Jackie Sibblies Drury is an American playwright. The New York Times called Drury's 2012 play We Are Proud to Present a Presentation About the Herero of Namibia, Formerly Known as Southwest Africa, From the German Sudwestafrika, Between the Years 1884-1915 "her breakout work". Her subsequent works include Social Creatures (2013) and Fairview (2018); for the latter, Drury received the 2019 Pulitzer Prize for Drama.

Early life and education 
Jackie Sibblies Drury was raised by her Jamaican immigrant mother and grandmother in Plainfield, New Jersey. Drury's mother enrolled her at a private school in New Jersey where she witnessed the persistence of "segregation even in a harmonious community."

Drury attended Yale University, where she majored in literature.

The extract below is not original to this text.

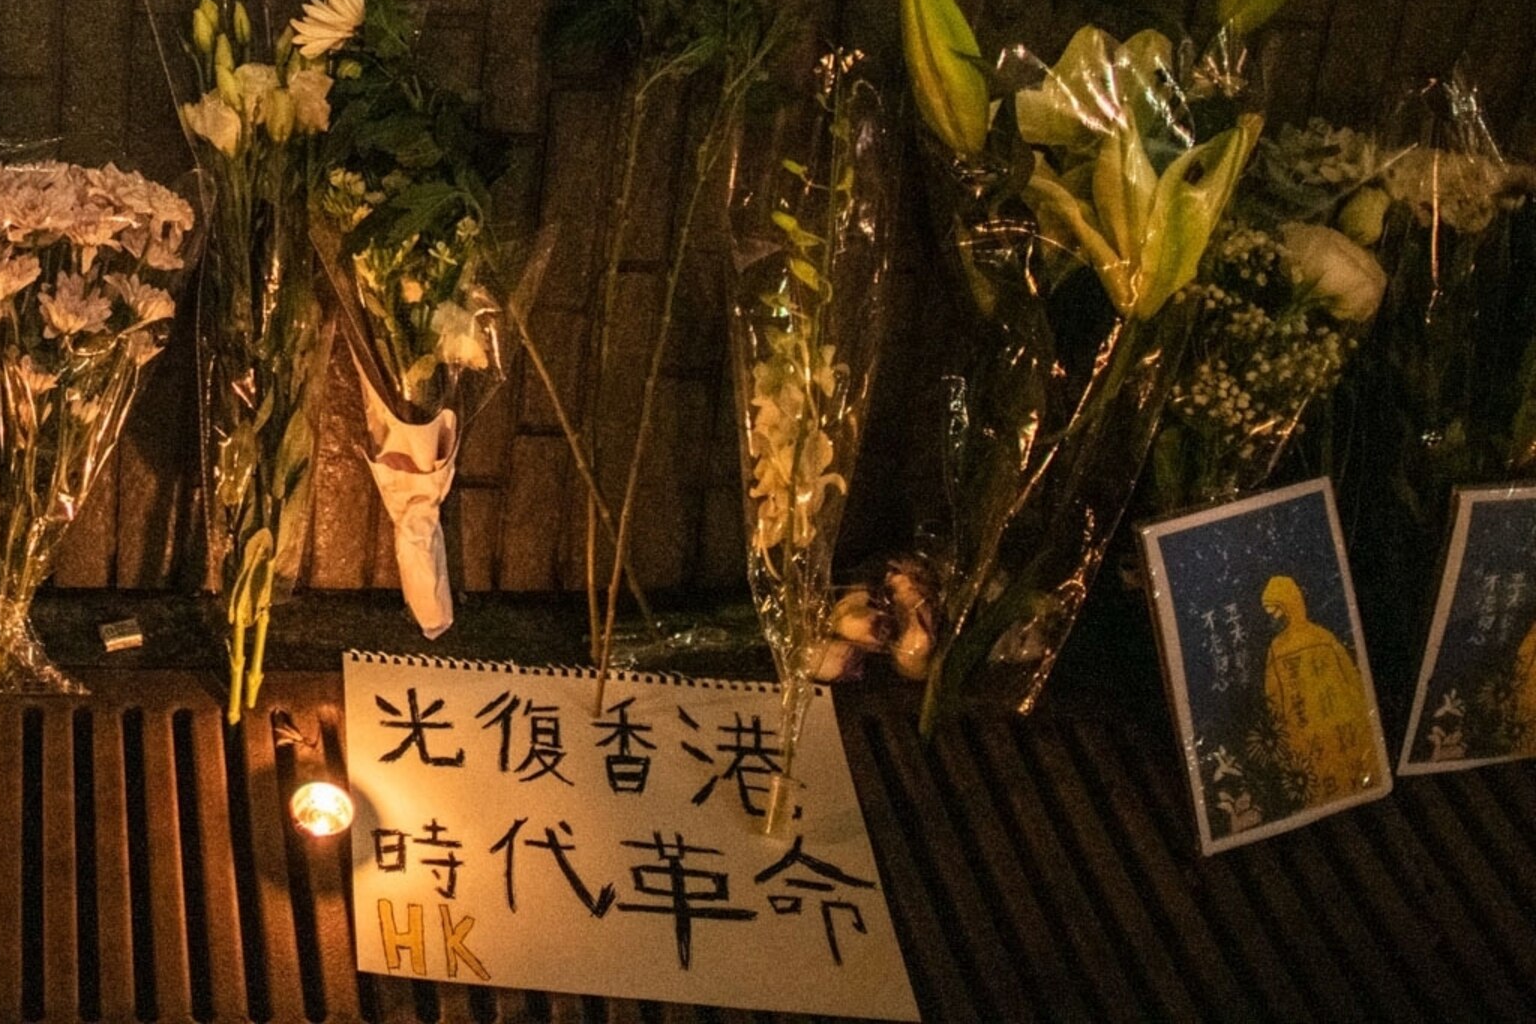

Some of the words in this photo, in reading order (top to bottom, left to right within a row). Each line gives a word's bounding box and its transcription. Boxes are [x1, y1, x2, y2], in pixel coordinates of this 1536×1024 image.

[375, 687, 807, 820] 光復香港
[371, 817, 876, 971] 時代革命
[377, 898, 491, 981] HK

She received her MFA in playwriting from Brown University in 2010.

Works

Full-length plays
We Are Proud to Present a Presentation About the Herero of Namibia, Formerly Known as Southwest Africa, From the German Sudwestafrika, Between the Years 1884–1915 (2012)
Social Creatures (2013)
Really (2016)
Fairview (2018)
Marys Seacole (2019)

Awards and honors
She was a winner of the Windham-Campbell Literature Prize for Drama in 2015.

She was awarded the 2019 Susan Smith Blackburn Prize for her play Fairview. The prize has a cash award of $25,000. Fairview was presented Off-Broadway in 2018 by Berkeley Repertory Theatre and Soho Rep.

Fairview was also awarded the 2019 Pulitzer Prize for Drama for this "hard-hitting drama that examines race in a highly conceptual, layered structure, ultimately bringing audiences into the actors’ community to face deep-seated prejudices."

She received the 2019 Steinberg Playwright Award for Fairview, which includes a $50,000 cash prize.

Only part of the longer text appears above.